Task to complete: The records below need to be repeated exactly, though not their pictures.

(Beginning of Materials provided)

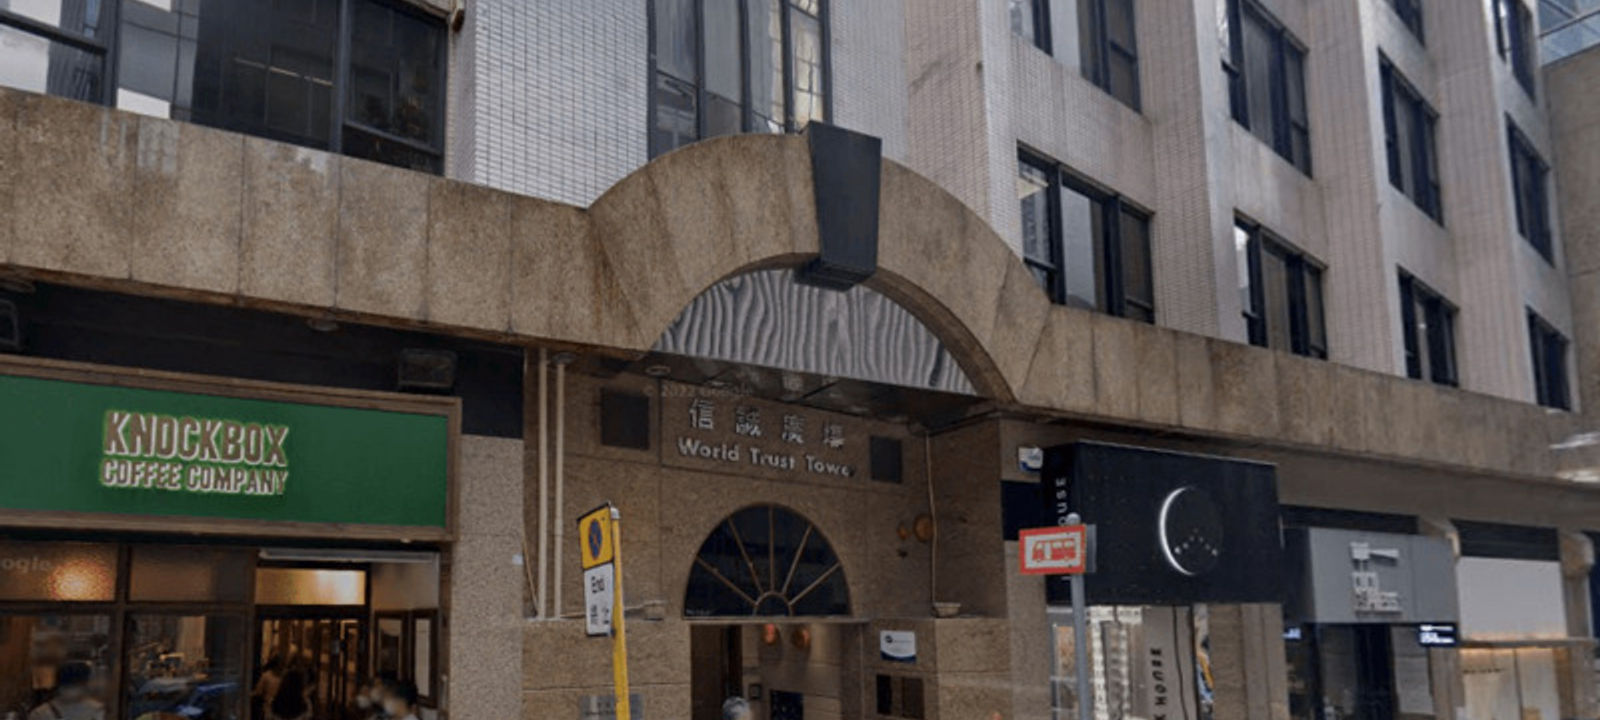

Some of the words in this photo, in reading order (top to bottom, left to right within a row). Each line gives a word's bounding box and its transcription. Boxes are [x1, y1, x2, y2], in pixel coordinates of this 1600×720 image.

[104, 411, 289, 466] KNOCKBOX
[678, 437, 740, 462] World
[749, 446, 796, 470] Trust
[102, 459, 182, 488] COFFEE
[187, 465, 288, 495] COMPANY
[1055, 477, 1068, 527] OUSE

(End of Materials provided)

Answer space:
Some of the words in this photo, in reading order (top to bottom, left to right within a row). Each line gives a word's bounding box and its transcription. Boxes are [x1, y1, x2, y2], in pixel coordinates of this 1600×720 image.

[104, 411, 289, 466] KNOCKBOX
[678, 437, 740, 462] World
[749, 446, 796, 470] Trust
[102, 459, 182, 488] COFFEE
[187, 465, 288, 495] COMPANY
[1055, 477, 1068, 527] OUSE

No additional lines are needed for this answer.